Dataset published here

Grid Environment

To study this, we built a digital version of a real ant environment. Using 3D scanning and simulation tools, we recreated a laboratory arena and captured what the world looks like from an ant's perspective. Instead of giving our models full access to the environment, we broke it down into a grid of visual snapshots, thousands of panoramic views taken from different positions and directions. This means our algorithms experience the world in a similar way to ants: locally, visually, and step-by-step. This grid-based setup lets us test how well different learning systems can move through space using only what they “see,” rather than relying on maps or global knowledge. This made it easier to render.
The development of this simulation allows us to gather datasets from a first person perspective of each ant, leading towards the potential for development of LBMs.

Ant recreation

We also collected real data from ants exploring the arena. By tracking their movements, we could study how they behave when learning a new environment. One key observation is that ants don’t just move directly to a goal. Instead, they:

- Explore widely
- Make frequent turns and oscillations
- Gradually refine their routes over time


These behaviours help them gather information and adapt if the environment changes.
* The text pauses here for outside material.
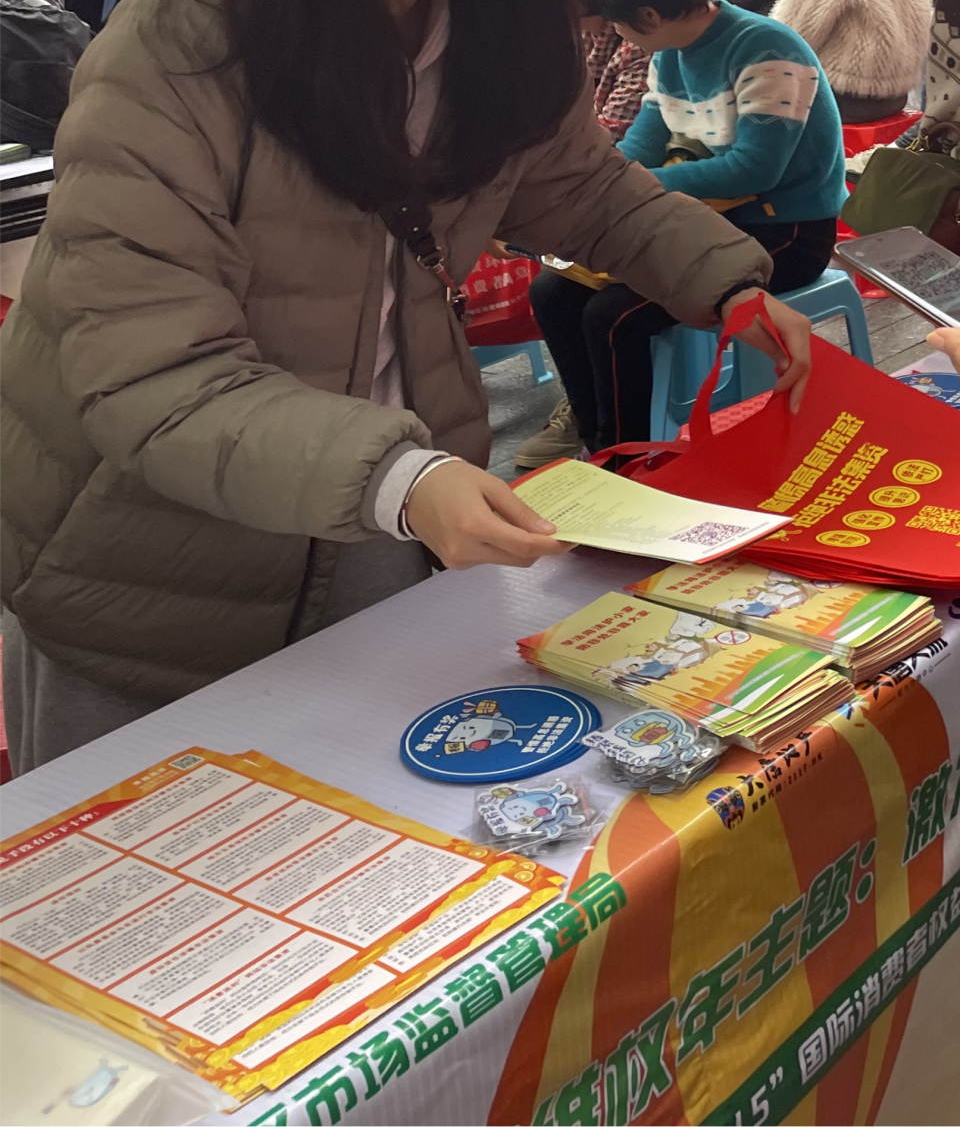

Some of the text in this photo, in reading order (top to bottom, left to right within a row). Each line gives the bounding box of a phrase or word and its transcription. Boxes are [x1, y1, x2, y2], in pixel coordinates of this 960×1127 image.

[757, 411, 865, 513] 警惕高息诱惑
[791, 442, 889, 528] 拒绝非法集资
[415, 714, 459, 752] 举报有奖
Capturing this balance between exploration and efficiency is one of the main challenges for artificial systems.

Preliminary work with GAs

As a first step, we tested genetic algorithms (GAs), a type of optimisation inspired by evolution.

In this setup:

- Each “agent” represents a possible navigation strategy developed from an evolving neural network
- Better strategies (those that get closer to the food target) are selected
- Over time, these strategies evolve using mutations of Gaussian noise for weights and biases


We found that genetic algorithms can learn effective routes through the environment. In many cases, they quickly discover direct paths to the target. However, their behaviour differs from real ants:

- They tend to take straighter, more efficient paths
- They show less exploration and fewer directional changes
- They resemble the average outcome of many ants, rather than the behaviour of a single individual


This suggests that while GAs are good at optimisation, they may miss some of the richer, exploratory behaviours seen in biology.